I have rented the 800 but bought the new 600 about a year ago...a better lens IMHO, and with the 1.4 extender a bigger lens as well...I did NOT like the results that I got with the 800 and the 1.4 III extender either....softened the pictures too much.....


----------



## scottkinfw (Sep 16, 2013)

I can't comment on any of the lenses as I don't own them (other than I would love to own them). I have been to the Serengeti twice, originating from USA.

I would strongly advise you to check with your tour operator and airlines regarding size/weight restrictions. Also, there are many differences in tours, so some make longer lenses absolutely necessary. 

In any event, you don't want make all these changes only to find out that the gear needs to stay at home. 

As an example, when I checked in to KLM Dutch at DFW Airport, my camera bag was over weight (max as I recall was 12 KG). I stuffed the heavy lenses in my safari vest. Then when we left Arusha for the Serengeti, we took a puddle jumper for 1:45 min. They were very strict on weight requirements (bags however went behind seats). You also have to check, as some connecting flights have small overhead compartments. All of these details are critical when you are taking large heavy gear.

Hope you have a great trip, keep us posted.

Good luck with the lenses

sek


----------



## Eldar (Sep 16, 2013)

scottkinfw said:


> I would strongly advise you to check with your tour operator and airlines regarding size/weight restrictions. Also, there are many differences in tours, so some make longer lenses absolutely necessary.



I am aware of the problem and will do the checking before we go. Luckily I travel enough business wise to have the required colors on my frequent flyer cards, so getting to Nairobi is not a problem from a weight perspective. But how we get from there to the parks is not yet clear.

An alternative is to copy Nick Brandt. He shoots portraits of African animals with 50mm (!) and 100mm eqvivalents. Look him up at www.nickbrandt.com and enjoy. 



neuroanatomist said:


> Handheld BIF (bittern in flight  ), 1D X, 600 II + 2xIII.
> 
> 
> 
> ...


----------



## neuroanatomist (Sep 16, 2013)

Eldar said:


> I handhold the 600 probably more than I use monopod or tripod and I can also hook on the 1.4x, but don't tell me it's easy with the 2x on



Definitely not easy, and not something I often try. Actually, I don't use the 2x all that often anyway.


----------



## tron (Sep 16, 2013)

I would keep the 600mm II. I am FL limited more than needing a f/2.8 vs. a f/4 lens. But it all comes to what YOU need more.
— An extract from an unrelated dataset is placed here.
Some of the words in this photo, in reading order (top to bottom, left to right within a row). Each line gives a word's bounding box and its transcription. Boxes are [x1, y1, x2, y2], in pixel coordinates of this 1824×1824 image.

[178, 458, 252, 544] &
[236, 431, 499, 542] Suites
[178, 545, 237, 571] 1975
You cannot back off but a lesser lens could do the job (300 f/4 for example).

Plus, I would not get the 200-400. It's too expensive (you would not sell one of the two if they were cheaper, why buy a more expensive one?). In addition it would combine the lesser focal length (400mm) with the f/4 aperture.


----------



## Eldar (Sep 21, 2013)

Thanks for taking an interest guys. I had more or less made up my mind when I posted this, but needed to test my arguments with your views. It seems most of you would do the same, so step one is concluded. The 400mm was sold today. 
The next, and actually quite enjoyable step, is to figure out what I should get for the $11k now burning in my pocket.
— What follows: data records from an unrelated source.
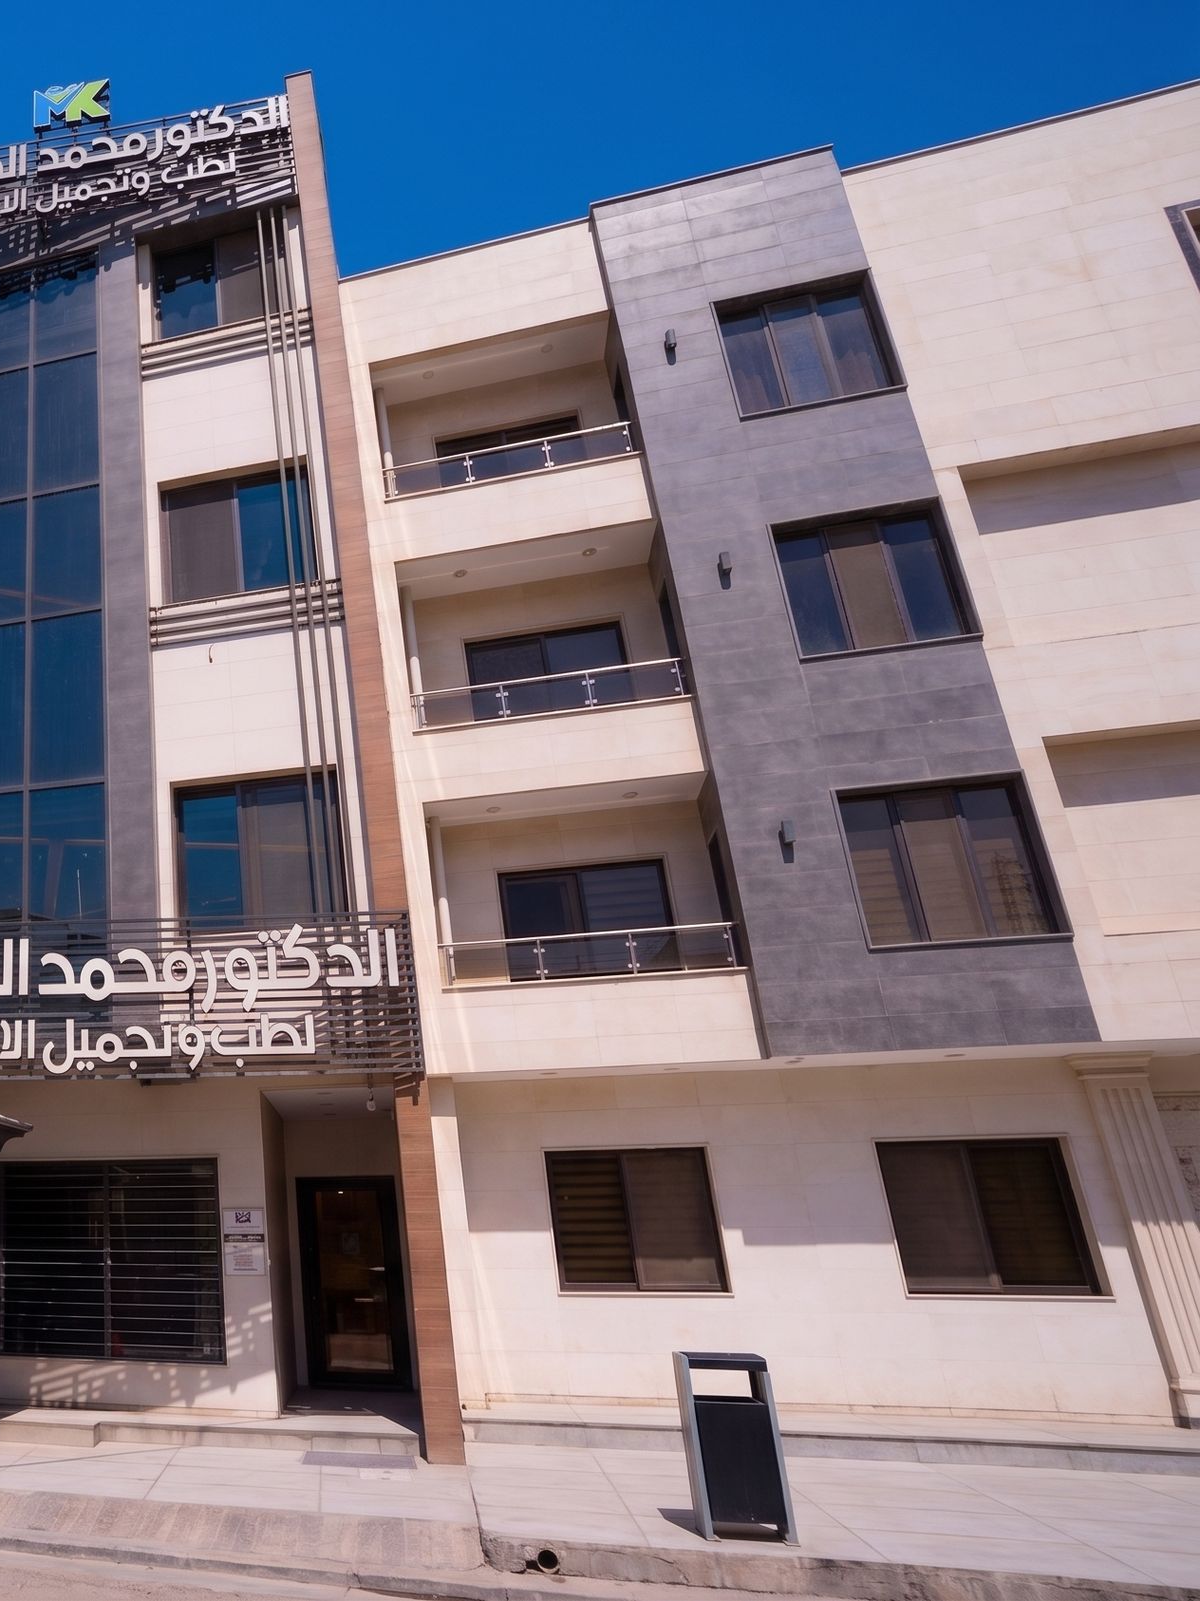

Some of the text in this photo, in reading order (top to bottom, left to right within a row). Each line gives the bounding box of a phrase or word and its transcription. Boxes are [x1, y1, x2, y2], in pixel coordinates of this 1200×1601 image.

[37, 132, 148, 173] محمد
[145, 95, 289, 162] الدكتور
[35, 167, 150, 213] وتجميل
[161, 152, 237, 190] لطب
[38, 946, 199, 1002] محمد
[200, 923, 400, 1014] الدكتور
[42, 1014, 205, 1073] وتجميل
[208, 1013, 316, 1069] لطب
First thought would be the 200-400mm f4 1.4x or the 300mm 2.8L IS II, or maybe do something totally different and get a Hasselblad H4D ($15k on sale at the moment, w. the 80mm) or a Leica M9, or maybe I should wait for the next megapixle body and the upgraded L-lenses that is about to come out ... Difficult decisions, but quite fun


----------



## tron (Sep 22, 2013)

I would keep the money for the moment. That or I would get the 300mm f/2.8L IS II. It is an excellent sports lens. Also, it is much cheaper and lighter that the 200-400 zoom.


----------



## GMCPhotographics (Sep 23, 2013)

tron said:


> I would keep the money for the moment. That or I would get the 300mm f/2.8L IS II. It is an excellent sports lens. Also, it is much cheaper and lighter that the 200-400 zoom.
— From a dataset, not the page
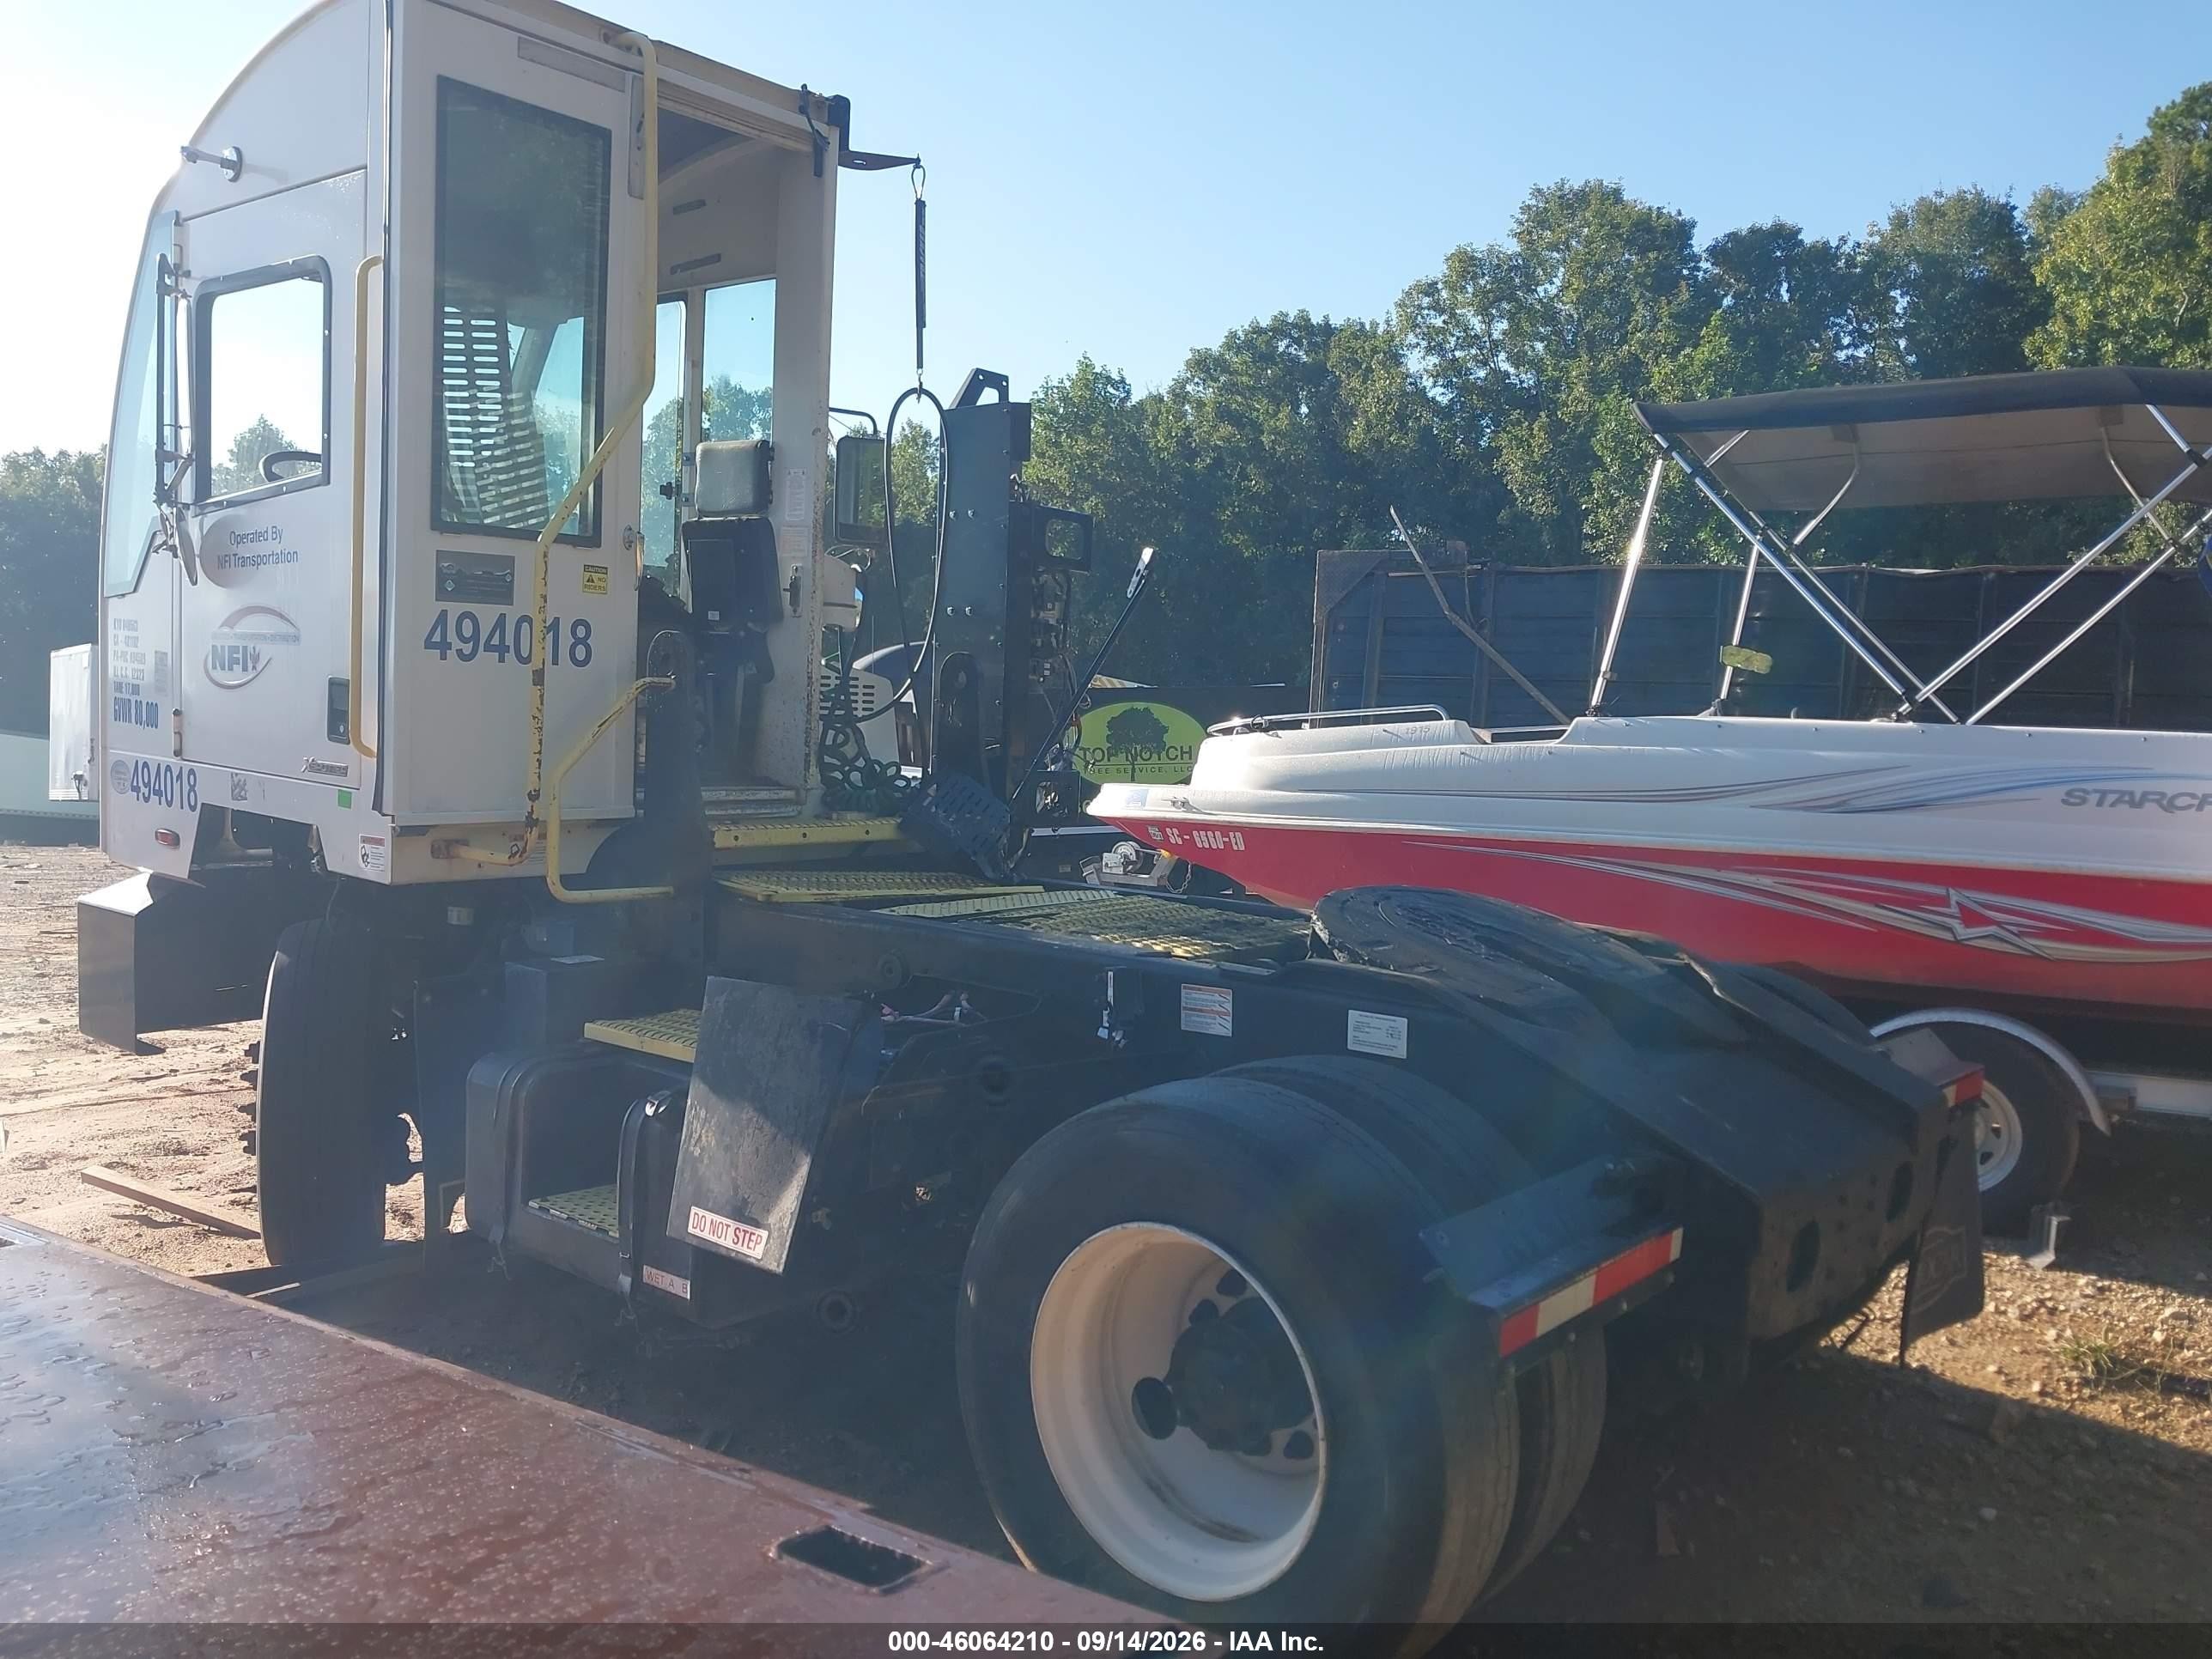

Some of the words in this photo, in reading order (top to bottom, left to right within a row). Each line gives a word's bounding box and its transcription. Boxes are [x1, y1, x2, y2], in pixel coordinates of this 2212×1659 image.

Earlier in the year, I was on an Irish sea birds workshop. I was the only 400mm f2.8 L IS, mk I...and flippin heavy...but stunning pictures, even If I do say so myself 
There was a 600 LIS II and a 500 LIS II, both very good.I think the 600 is a bit better than the mkI. The new 500 is increadibly light and easy to use. There were two 300 LIS II with TC's and again very light and easy to handle, sharp and beautiful optics. It lost a stop vs my 400 when focal matching but could move closer to the subject to get the same framing. 
If I was going to do it again, it would be a hard descision between the 300II or 500II. My 400I was mroe flexible with TC's but heavier and a lot harder to handle when tracking large birds...even lugging it abot over the island was seriously hard work! I personally found the 600IIL a bit too long for my likes. I suppose I could chop my 400L in for a 400IIL


----------



## tron (Sep 23, 2013)

GMCPhotographics said:


> tron said:
> 
> 
> > I would keep the money for the moment. That or I would get the 300mm f/2.8L IS II. It is an excellent sports lens. Also, it is much cheaper and lighter that the 200-400 zoom.
> ...


True, the II series are lighter or much lighter! I am not interested for a 300 2.8 (I do have an excellent 300mm f/4L non-IS) or a huge 400 2.8 or 600 4

I got a 500mm f/4L IS II and indeed it is a very good and light (for what it is) lens.


----------